Draw closer and there's something eerie about Ciudad Real's Central Airport. There's hardly a plane in sight. Nobody's around. Cars can only be heard faintly in the distance.
This is one of Spain's "ghost airports" — huge projects often funded by taxpayer money that helped drive Spain's economic boom and now symbolize the wasteful spending that contributed to its spectacular bust.
Envisioned three years ago as a satellite airport for congested Madrid, Central boasts one of Europe's longest runways, yet there's hardly a skid-mark from the handful of weekly flights it now handles. Its vast and airy terminal, designed to handle 2.5 million passengers a year, echoes every sound.
Spain's downturn has played its role in Central's woes, but critics say it was never a viable airport from the beginning — a pork-barrel project too far from the capital to serve any real purpose.
With Spain struggling to emerge from an economic downturn that has saddled it with a euro-zone high unemployment rate of 21 percent, principally due to the collapse of its oversized construction sector, Central stands as a cautionary tale for a Spain adjusting to leaner times.
But signs abound that Spain has not fully learned the lessons of its profligate spending. Spain recently announced a high-speed rail link to the sparsely populated northwest region of Galicia, a plan many economists see as an extravagance. Bridge and highway projects are plowing forward in the face of criticism that Spain just can't afford them.
"We had great hopes for Central, we believed in it, dreamt about it, we thought it was going to be the region's salvation," said Ciudad Real taxi driver Enrique Buendia, who can hardly remember the last time he got a run to the airport.
"But, when you mix politicians and business it's bad news."
Indeed, it's an unhealthy mix of politics and business that critics blame for white elephants such as the airport in Ciudad Real, a city of 74,000 people. Spain has a history of pouring public money into dodgy projects to fuel the careers of ambitious politicians and local entrepreneurs.
The airports and other projects illustrate how regional governments and government-linked savings banks drove themselves into a debt swamp from which it will take years to emerge.

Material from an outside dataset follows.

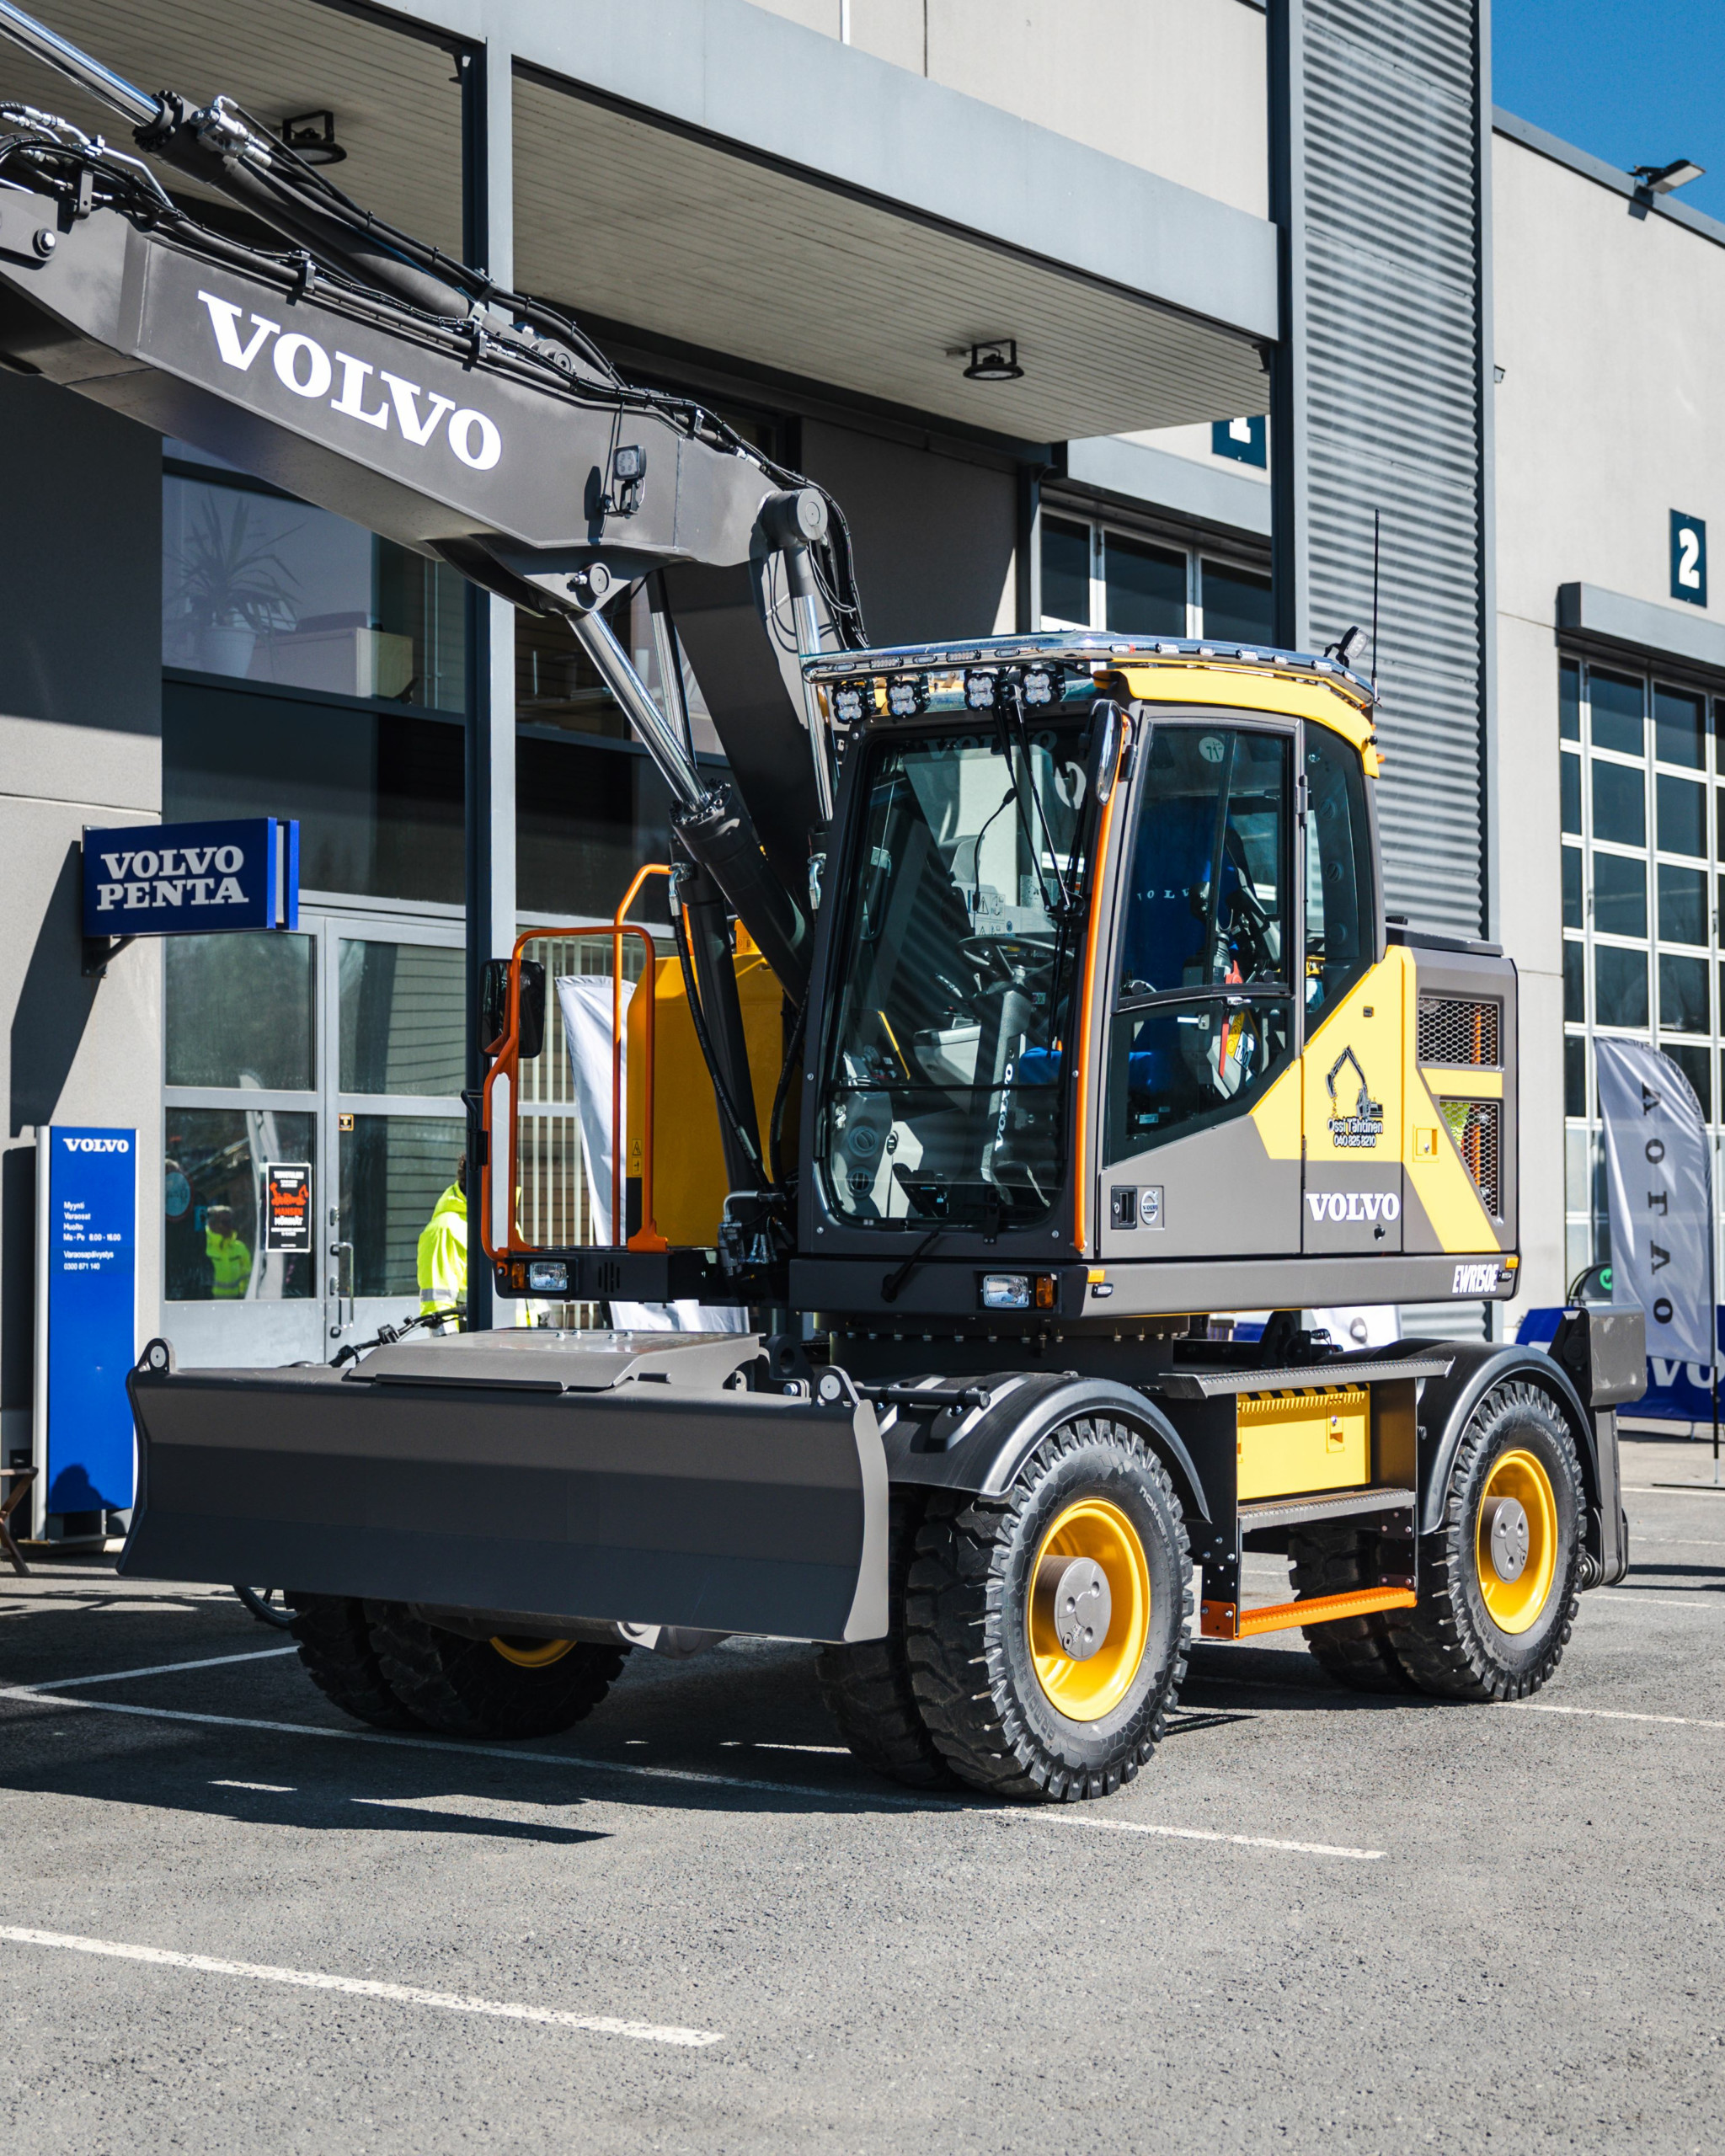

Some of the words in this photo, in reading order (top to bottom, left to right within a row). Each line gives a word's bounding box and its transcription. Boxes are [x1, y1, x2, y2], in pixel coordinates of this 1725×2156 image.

Analysts see regional government debt as being one of the main drags on Spain's bid to slash its deficit from 11.2 percent of GDP in 2009 to within the European Union limit of 3 percent by 2013.
Central is busy compared to two-year-old Huesca airport in northern Spain, whose 30 employees won't see a commercial flight for some six months. Its restaurant is busy, but with local people and because it serves good meals.

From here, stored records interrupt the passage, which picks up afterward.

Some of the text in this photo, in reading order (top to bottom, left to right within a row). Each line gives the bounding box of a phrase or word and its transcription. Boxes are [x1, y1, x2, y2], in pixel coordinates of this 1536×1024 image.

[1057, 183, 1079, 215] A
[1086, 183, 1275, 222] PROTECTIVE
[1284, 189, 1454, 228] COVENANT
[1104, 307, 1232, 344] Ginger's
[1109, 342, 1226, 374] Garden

Then there's Castellon on the airport-abundant eastern coast. Costing some euro150 million, it opened in March and hasn't yet seen a plane. It most likely won't for a while as the national airport authority ponders whether to grant it a license.
Castellon was built on the promise of future theme parks that have yet to materialize, making its future look bleak.
At its entrance there is to be a 24-meter (79 foot) statue to Carlos Fabra, the provincial president of Castellon who commissioned the project, and has been investigated several times for corruption.